我编写了一个小的Node脚本来从Oracle数据库表中读取记录,调用进行转换的外部Web服务,然后将结果插入到另一个表中。因为我需要对超过7000万条记录重复相同的过程,所以我一次选择了1万行,并使用Oracle节点中的executeMany进行插入。
代码如下:
let insertQuery = `INSERT INTO ${start_table}_TOKEN_MASK (${id_field1}, ${id_field2}, TOKEN, CARD_NUMBER_MASK, CARD_NUMBER) VALUES (:id1, :id2, :token, :mask, :cardNumber)`;
function process_chunk() {
counter++;
// SELECT CARDS
connection.execute(`SELECT
${start_table}.${id_field1},
${start_table}.${id_field2},
${start_table}.${card_field}
FROM ${start_table}
LEFT JOIN ${start_table}_TOKEN_MASK ON ${start_table}.${id_field1} = ${start_table}_TOKEN_MASK.${id_field1}
WHERE TOKEN IS NULL AND ROWNUM <= ${max_per_run}`).then(async (res) => {
if (res.rows.length <= 0) {
console.log(`All done.`);
console.timeEnd('mapping');
connection.close();
process.exit(0);
}
console.log(`Fetched ${res.rows.length} rows.`);
var binds = [];
try{
console.log(`Starting tokenization...`);
await Promise.map(res.rows, async (row) => {
const mask = `${row[2].toString().substring(0,4)}.${row[2].toString().substring(4,6)}${'X'.repeat(2)}.${'X'.repeat(4)}.${row[2].toString().substring(row[2].toString().length - 4)}`;
const token = await Tokenize(row[2]);
binds.push([row[0], row[1], token, mask, row[2]]);
}, {concurrency: 150}).then(async () => {
// Send chunk to DB
console.log(`Sending to DB...`);
// Prevent failure on insertmany, dividing inserts into multiple transactions
var chunks = splitArray(binds, 5000);
await Promise.map(chunks, async (chunk) => {
const insertResult = await connection.executeMany(insertQuery, chunk, { autoCommit: true });
console.log(`Inserted ${insertResult.rowsAffected} rows.

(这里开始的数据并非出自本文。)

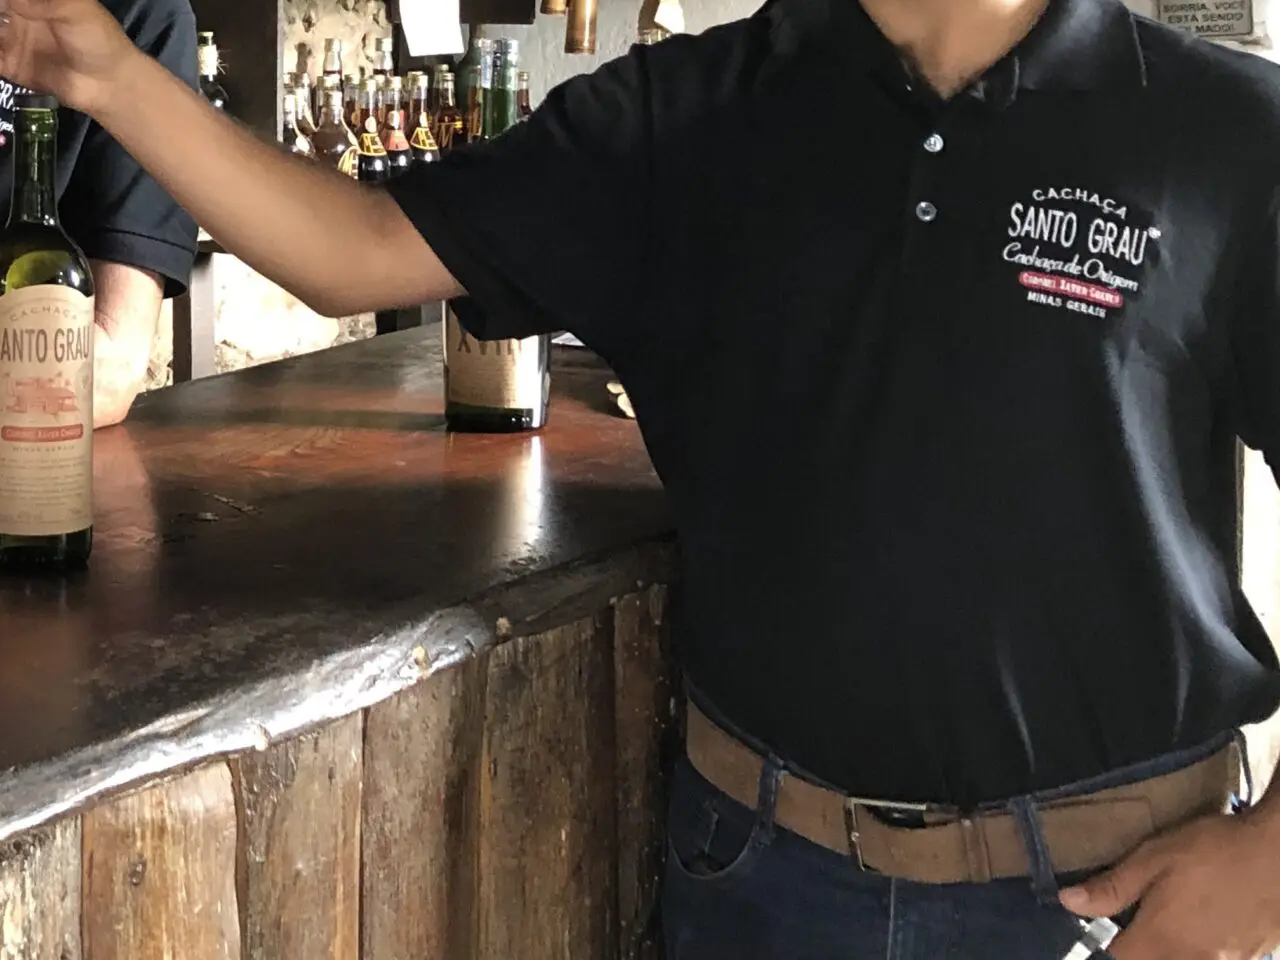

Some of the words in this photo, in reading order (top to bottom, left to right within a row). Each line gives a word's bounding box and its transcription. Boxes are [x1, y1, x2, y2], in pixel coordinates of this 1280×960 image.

[1032, 188, 1127, 220] CACHAÇA
[1008, 202, 1078, 248] SANTO
[1083, 258, 1139, 291] Origem
[10, 305, 77, 322] CACHAÇA
[1027, 291, 1062, 307] MINAS
[1066, 299, 1107, 319] GERAIS
[53, 325, 90, 364] GRAU

Commit.`);
}, {concurrency: 1}).then(() => {
console.log(`Chunk ${counter} tokenized.`);
process_chunk();
});
});
}
catch(err){
console.error(err);
process.exit(1);
}
}).catch(err => {
console.error(err);
});
}
在过程结束时,我看到新表(在其中插入的位置)具有记录,但是每个元组是混合的,例如:
ID_FIELD1, ID_FIELD2, TOKEN, CARD_NUMBER_MASK, CARD_NUMBER
1 2 1234 456789 458755
2 3 1235 456790 458789
这表明绑定是通过插入或Oracle驱动程序以某种方式“混合”的。
有什么想法吗?